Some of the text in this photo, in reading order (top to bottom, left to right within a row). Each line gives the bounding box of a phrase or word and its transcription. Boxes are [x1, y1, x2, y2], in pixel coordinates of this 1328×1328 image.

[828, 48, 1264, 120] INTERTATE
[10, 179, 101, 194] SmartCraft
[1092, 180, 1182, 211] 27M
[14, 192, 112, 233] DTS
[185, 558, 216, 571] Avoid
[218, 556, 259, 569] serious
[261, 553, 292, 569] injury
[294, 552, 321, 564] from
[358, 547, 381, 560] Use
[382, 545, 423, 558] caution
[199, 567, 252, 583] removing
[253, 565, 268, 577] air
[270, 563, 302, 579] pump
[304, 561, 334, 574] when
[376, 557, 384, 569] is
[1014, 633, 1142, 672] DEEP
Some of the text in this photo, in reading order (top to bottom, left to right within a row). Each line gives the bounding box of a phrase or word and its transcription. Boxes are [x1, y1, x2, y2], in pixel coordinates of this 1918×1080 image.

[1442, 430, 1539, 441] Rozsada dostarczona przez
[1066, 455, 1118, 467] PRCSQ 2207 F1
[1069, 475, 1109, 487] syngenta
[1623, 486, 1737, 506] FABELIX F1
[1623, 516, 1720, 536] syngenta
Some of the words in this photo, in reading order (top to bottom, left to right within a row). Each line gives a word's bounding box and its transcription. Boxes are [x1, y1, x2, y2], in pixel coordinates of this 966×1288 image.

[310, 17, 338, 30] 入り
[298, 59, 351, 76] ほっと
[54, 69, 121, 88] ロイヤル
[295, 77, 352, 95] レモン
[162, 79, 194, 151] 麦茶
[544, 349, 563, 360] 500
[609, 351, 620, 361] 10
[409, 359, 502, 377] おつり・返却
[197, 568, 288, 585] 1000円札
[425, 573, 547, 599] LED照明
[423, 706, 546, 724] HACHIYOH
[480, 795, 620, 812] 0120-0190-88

- [Assignment]:
Give the records again, exactly as they appear.

- [Solved exercise]:
Some of the text in this photo, in reading order (top to bottom, left to right within a row). Each line gives the bounding box of a phrase or word and its transcription. Boxes are [x1, y1, x2, y2], in pixel coordinates of this 1328×1328 image.

[828, 48, 1264, 120] INTERTATE
[10, 179, 101, 194] SmartCraft
[1092, 180, 1182, 211] 27M
[14, 192, 112, 233] DTS
[185, 558, 216, 571] Avoid
[218, 556, 259, 569] serious
[261, 553, 292, 569] injury
[294, 552, 321, 564] from
[358, 547, 381, 560] Use
[382, 545, 423, 558] caution
[199, 567, 252, 583] removing
[253, 565, 268, 577] air
[270, 563, 302, 579] pump
[304, 561, 334, 574] when
[376, 557, 384, 569] is
[1014, 633, 1142, 672] DEEP
Some of the text in this photo, in reading order (top to bottom, left to right within a row). Each line gives the bounding box of a phrase or word and its transcription. Boxes are [x1, y1, x2, y2], in pixel coordinates of this 1918×1080 image.

[1442, 430, 1539, 441] Rozsada dostarczona przez
[1066, 455, 1118, 467] PRCSQ 2207 F1
[1069, 475, 1109, 487] syngenta
[1623, 486, 1737, 506] FABELIX F1
[1623, 516, 1720, 536] syngenta
Some of the words in this photo, in reading order (top to bottom, left to right within a row). Each line gives a word's bounding box and its transcription. Boxes are [x1, y1, x2, y2], in pixel coordinates of this 966×1288 image.

[310, 17, 338, 30] 入り
[298, 59, 351, 76] ほっと
[54, 69, 121, 88] ロイヤル
[295, 77, 352, 95] レモン
[162, 79, 194, 151] 麦茶
[544, 349, 563, 360] 500
[609, 351, 620, 361] 10
[409, 359, 502, 377] おつり・返却
[197, 568, 288, 585] 1000円札
[425, 573, 547, 599] LED照明
[423, 706, 546, 724] HACHIYOH
[480, 795, 620, 812] 0120-0190-88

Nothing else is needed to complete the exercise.